▶ _TASK PROMPT_:
For this exercise, write out the full listing that follows exactly and skip its pictures.

▶ _AVAILABLE DATA_:
##########
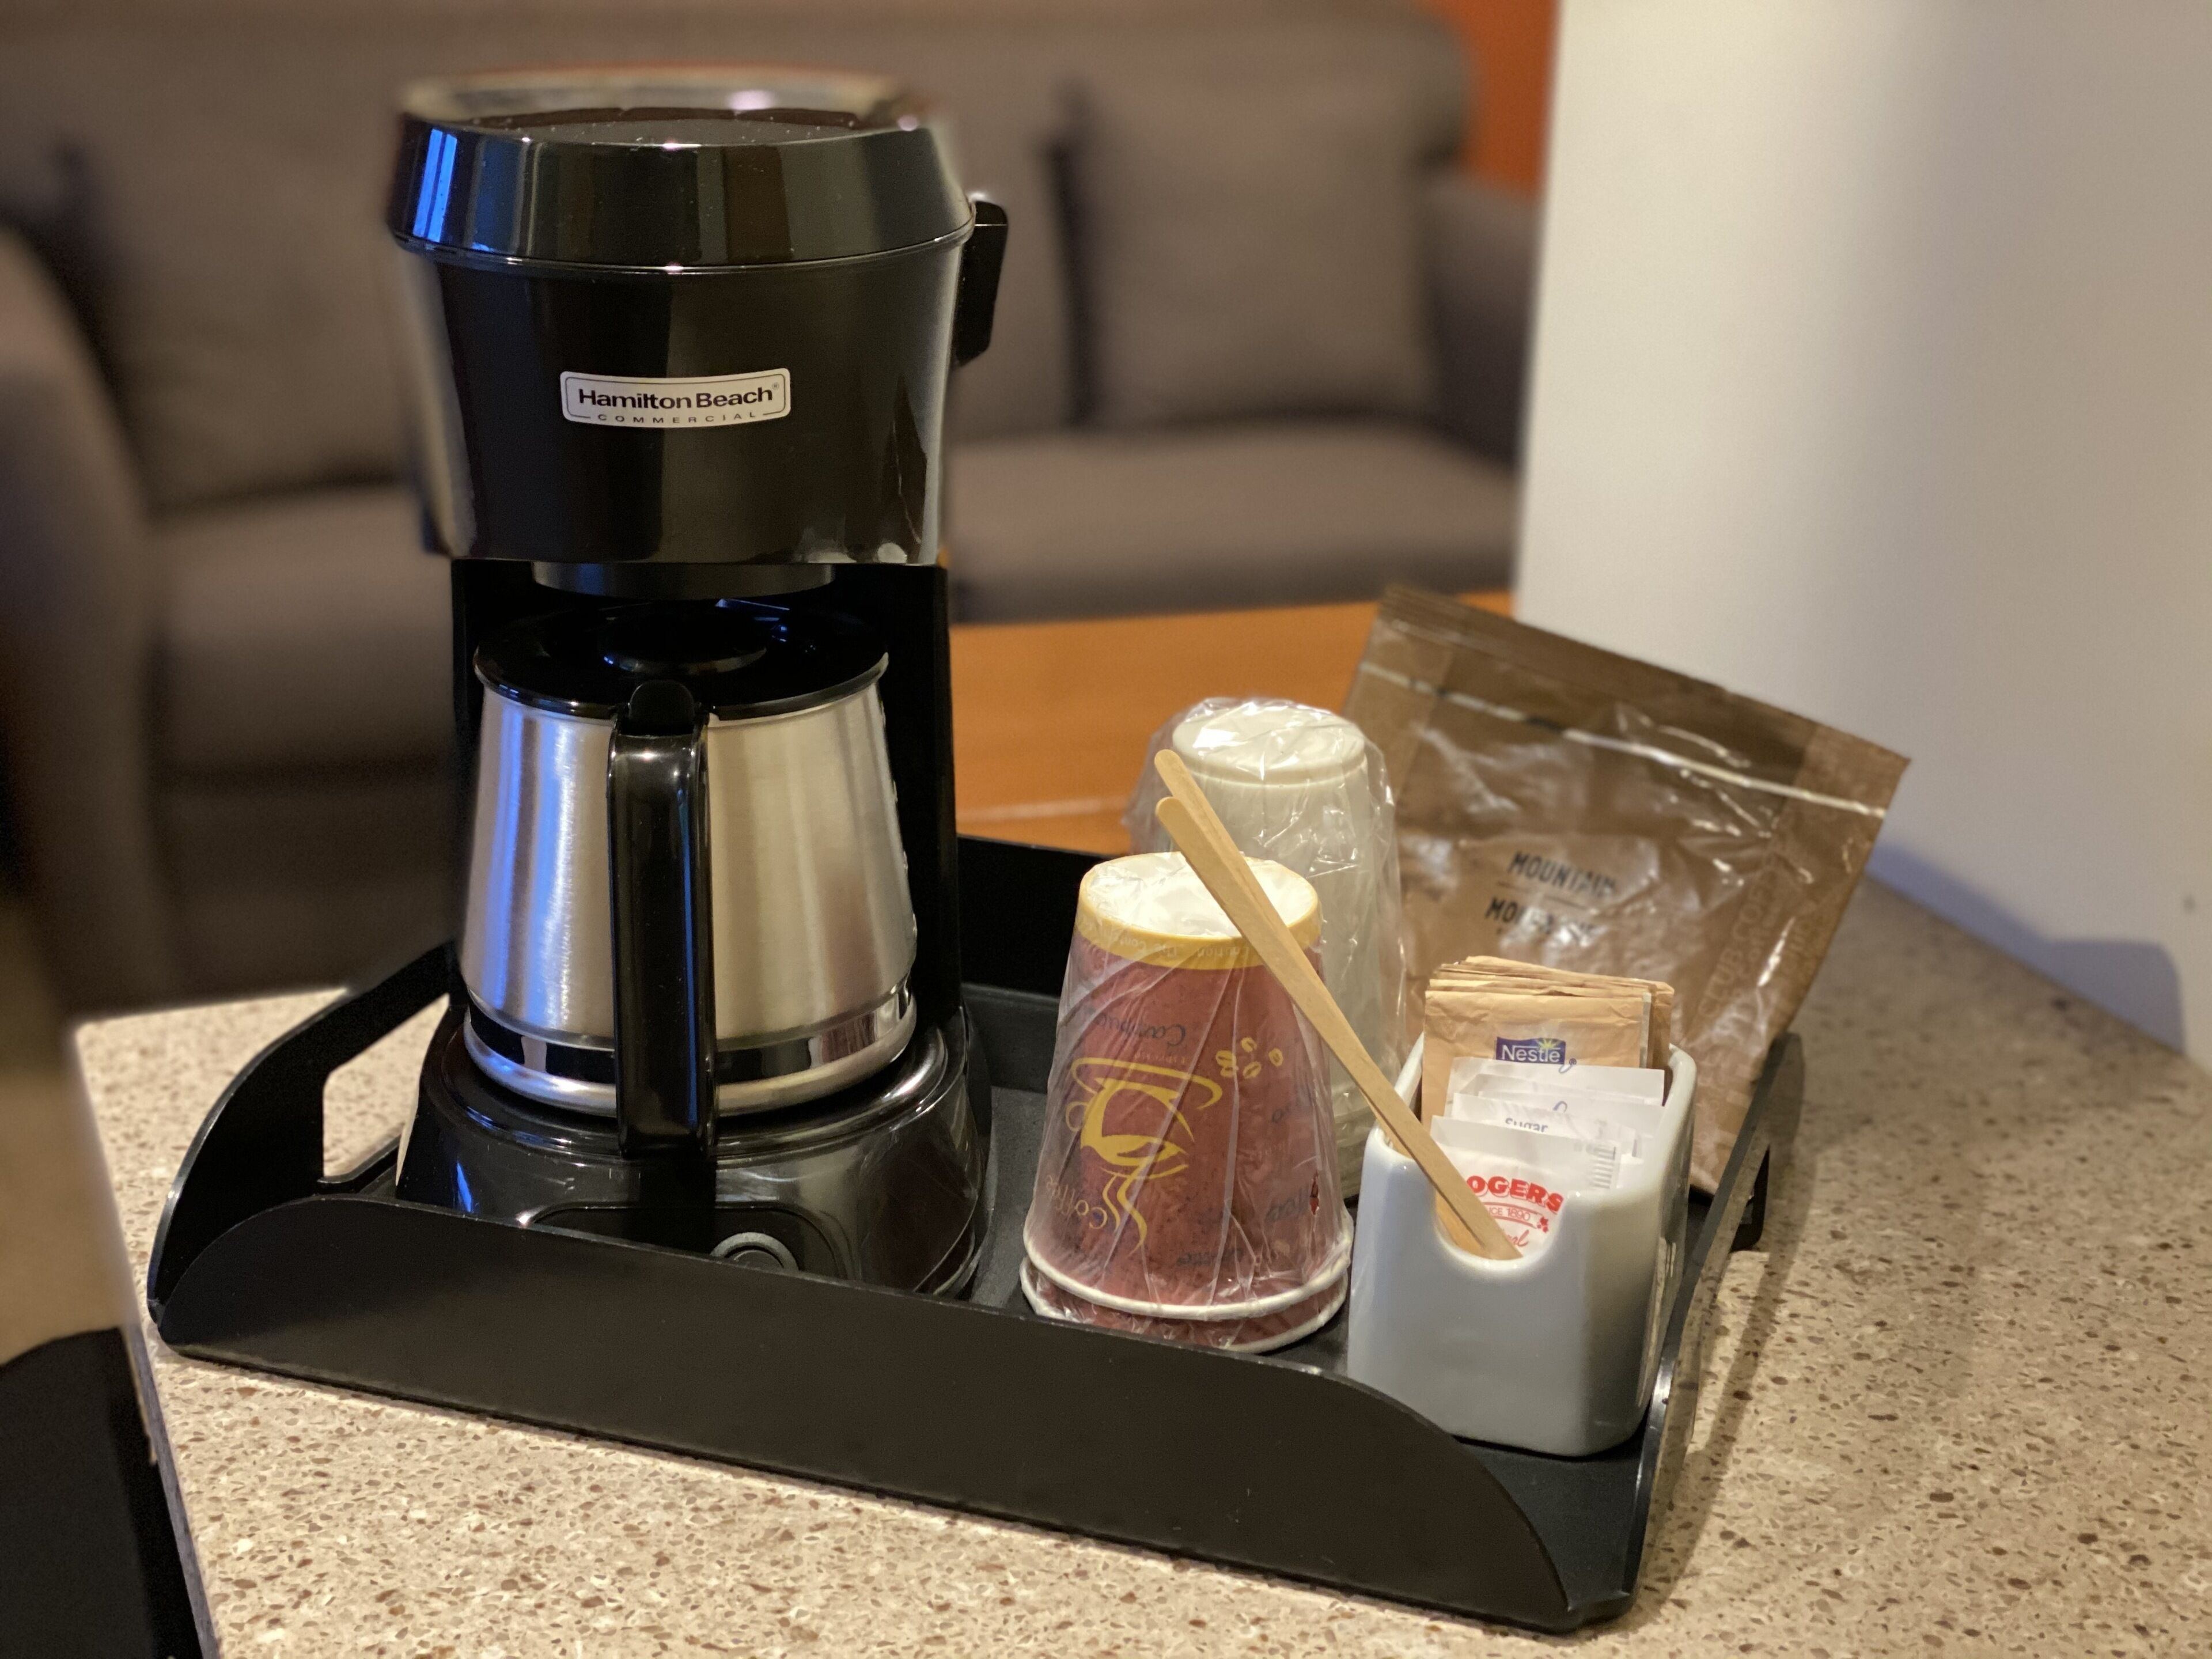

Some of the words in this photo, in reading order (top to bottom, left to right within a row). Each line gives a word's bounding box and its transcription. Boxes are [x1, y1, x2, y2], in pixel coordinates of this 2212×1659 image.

[579, 388, 692, 410] Hamilton
[598, 411, 756, 424] COMMERCIAL
[1466, 1175, 1565, 1215] OGERS
[1507, 1208, 1531, 1221] 1890
##########
▶ _ANSWER TO THE EXERCISE_:
Some of the words in this photo, in reading order (top to bottom, left to right within a row). Each line gives a word's bounding box and its transcription. Boxes are [x1, y1, x2, y2], in pixel coordinates of this 2212×1659 image.

[579, 388, 692, 410] Hamilton
[598, 411, 756, 424] COMMERCIAL
[1466, 1175, 1565, 1215] OGERS
[1507, 1208, 1531, 1221] 1890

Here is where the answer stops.